• WORK INSTRUCTIONS: Would you copy the listing below exactly, keeping the pictures out?

__________

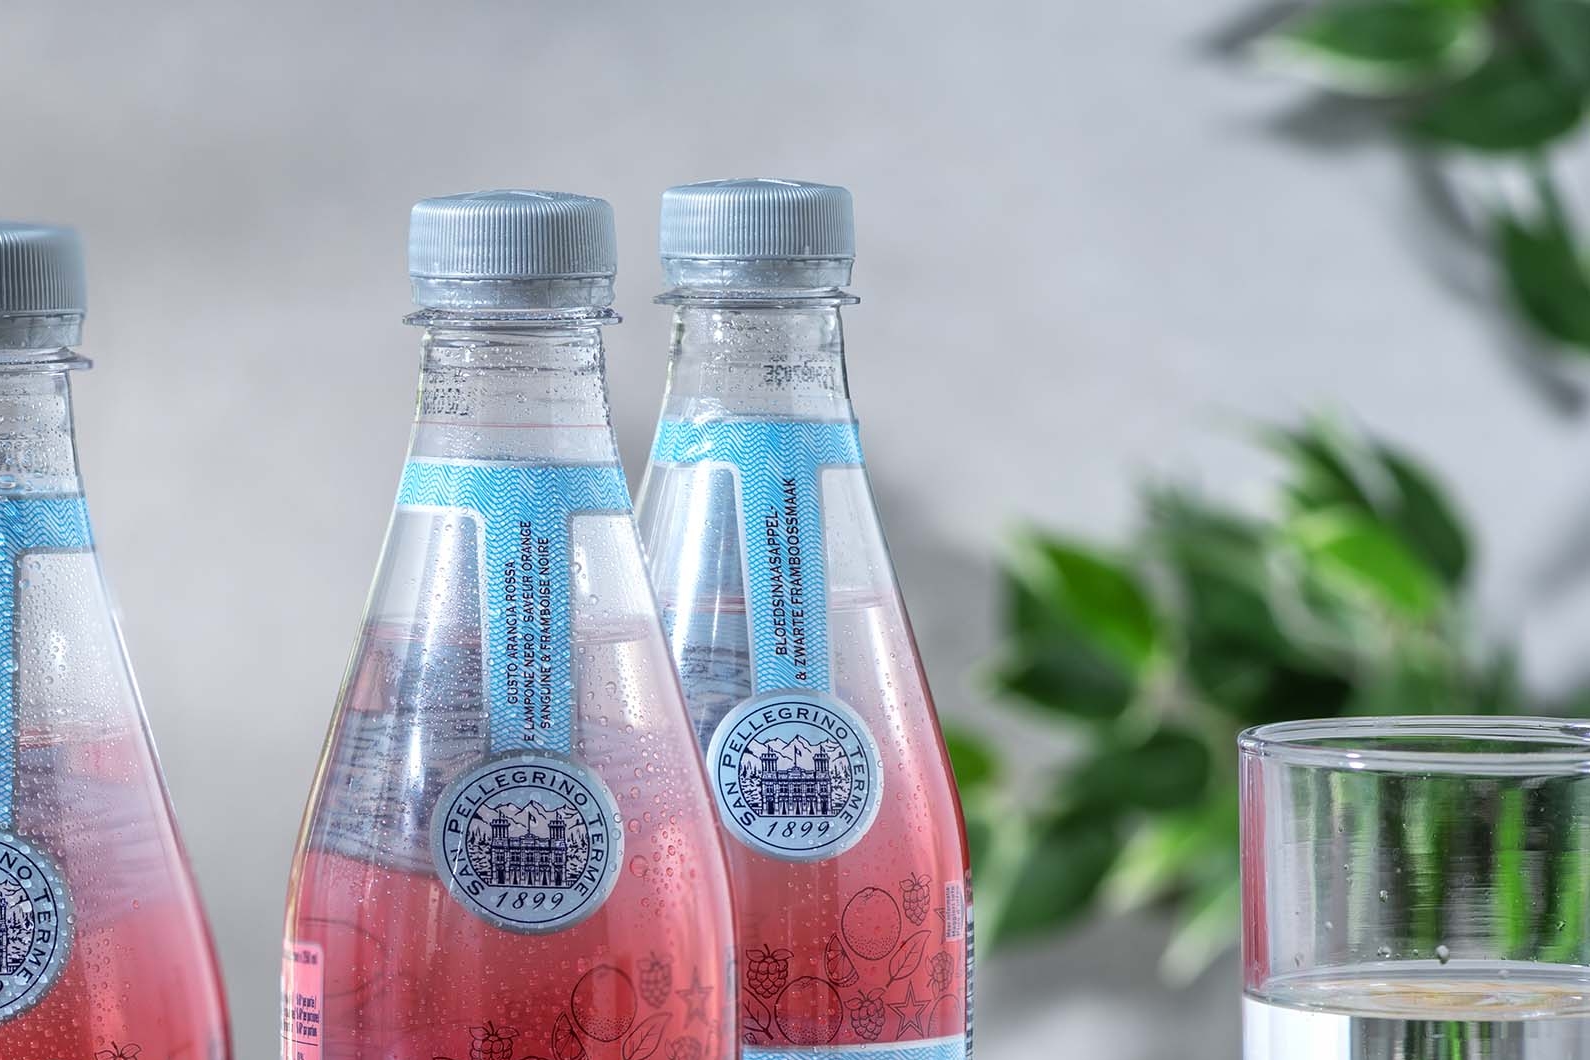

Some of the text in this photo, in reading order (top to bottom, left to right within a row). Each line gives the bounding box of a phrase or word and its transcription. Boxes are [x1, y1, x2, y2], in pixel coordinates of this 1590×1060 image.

[721, 707, 866, 826] SAN PELLEGRINO TERME
[447, 771, 604, 897] SAN PELLEGRINO TERME
[766, 821, 831, 839] 1899
[15, 888, 52, 985] TERME
[496, 891, 563, 909] 1899

__________

• TASK ANSWER:
Some of the text in this photo, in reading order (top to bottom, left to right within a row). Each line gives the bounding box of a phrase or word and its transcription. Boxes are [x1, y1, x2, y2], in pixel coordinates of this 1590×1060 image.

[721, 707, 866, 826] SAN PELLEGRINO TERME
[447, 771, 604, 897] SAN PELLEGRINO TERME
[766, 821, 831, 839] 1899
[15, 888, 52, 985] TERME
[496, 891, 563, 909] 1899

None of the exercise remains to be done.